INSTRUCTIONS TO FOLLOW: Repeat the listing that follows character for character, omitting images.

====

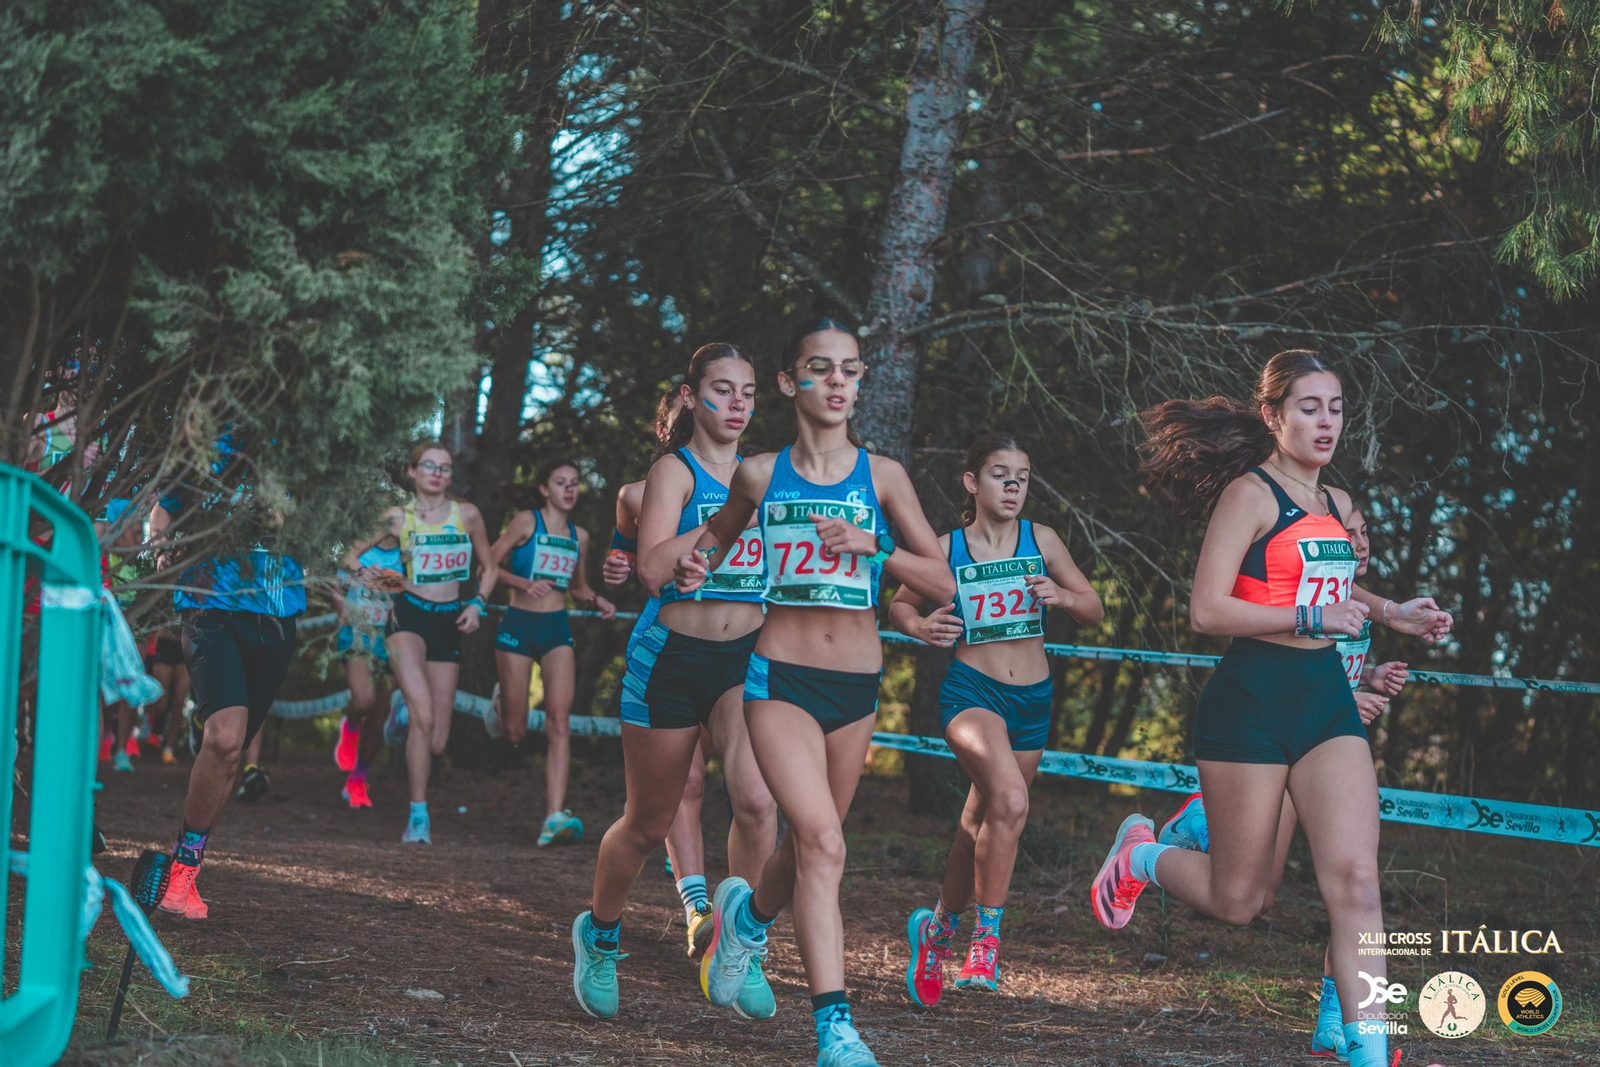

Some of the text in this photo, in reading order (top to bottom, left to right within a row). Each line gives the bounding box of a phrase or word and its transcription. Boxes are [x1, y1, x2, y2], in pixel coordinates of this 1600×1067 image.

[702, 492, 728, 500] vive
[774, 490, 800, 499] vive
[793, 503, 847, 519] ITÁLICA
[729, 537, 762, 567] 29
[1322, 541, 1352, 555] ITÁLICA
[420, 552, 467, 570] 7360
[982, 561, 1024, 575] ITÁLICA
[1307, 576, 1355, 607] 731
[1396, 806, 1430, 821] Sevilla
[1505, 810, 1541, 822] Diputación
[1504, 819, 1541, 834] Sevilla
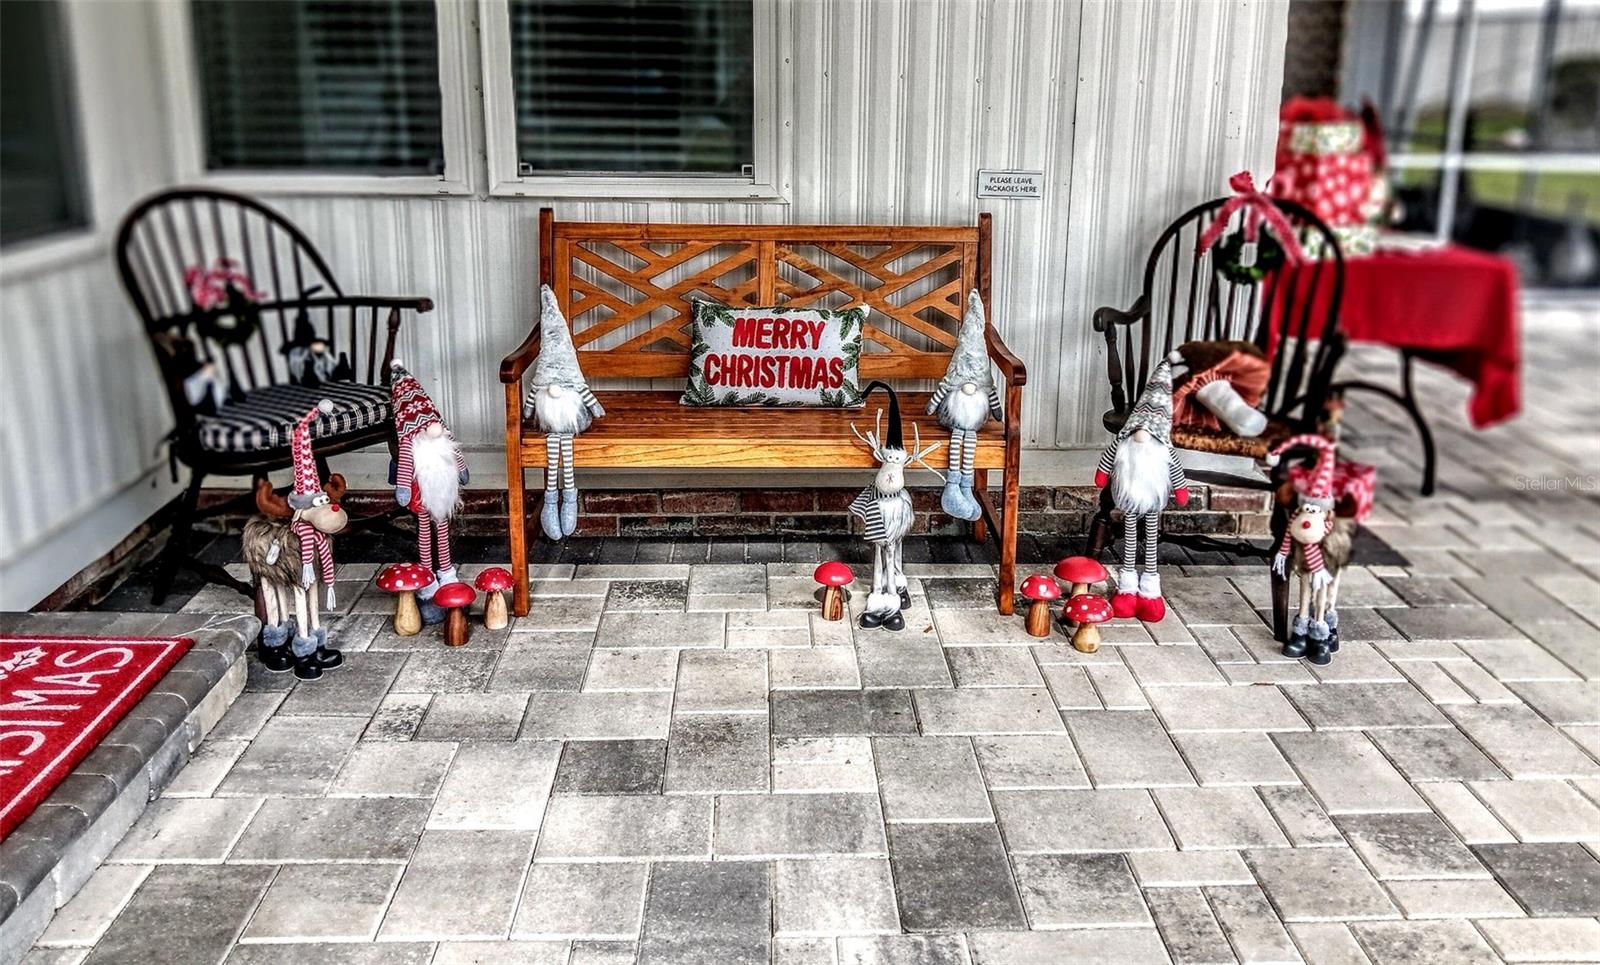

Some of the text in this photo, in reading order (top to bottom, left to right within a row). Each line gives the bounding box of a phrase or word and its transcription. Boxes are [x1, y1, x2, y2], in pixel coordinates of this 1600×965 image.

[984, 185, 1019, 193] PACKAGES
[990, 176, 1033, 185] PLEASE LEAVE
[732, 318, 825, 350] MERRY
[704, 354, 844, 389] CHRISTMAS

====

FINISHED EXERCISE:
Some of the text in this photo, in reading order (top to bottom, left to right within a row). Each line gives the bounding box of a phrase or word and its transcription. Boxes are [x1, y1, x2, y2], in pixel coordinates of this 1600×1067 image.

[702, 492, 728, 500] vive
[774, 490, 800, 499] vive
[793, 503, 847, 519] ITÁLICA
[729, 537, 762, 567] 29
[1322, 541, 1352, 555] ITÁLICA
[420, 552, 467, 570] 7360
[982, 561, 1024, 575] ITÁLICA
[1307, 576, 1355, 607] 731
[1396, 806, 1430, 821] Sevilla
[1505, 810, 1541, 822] Diputación
[1504, 819, 1541, 834] Sevilla

Some of the text in this photo, in reading order (top to bottom, left to right within a row). Each line gives the bounding box of a phrase or word and its transcription. Boxes are [x1, y1, x2, y2], in pixel coordinates of this 1600×965 image.

[984, 185, 1019, 193] PACKAGES
[990, 176, 1033, 185] PLEASE LEAVE
[732, 318, 825, 350] MERRY
[704, 354, 844, 389] CHRISTMAS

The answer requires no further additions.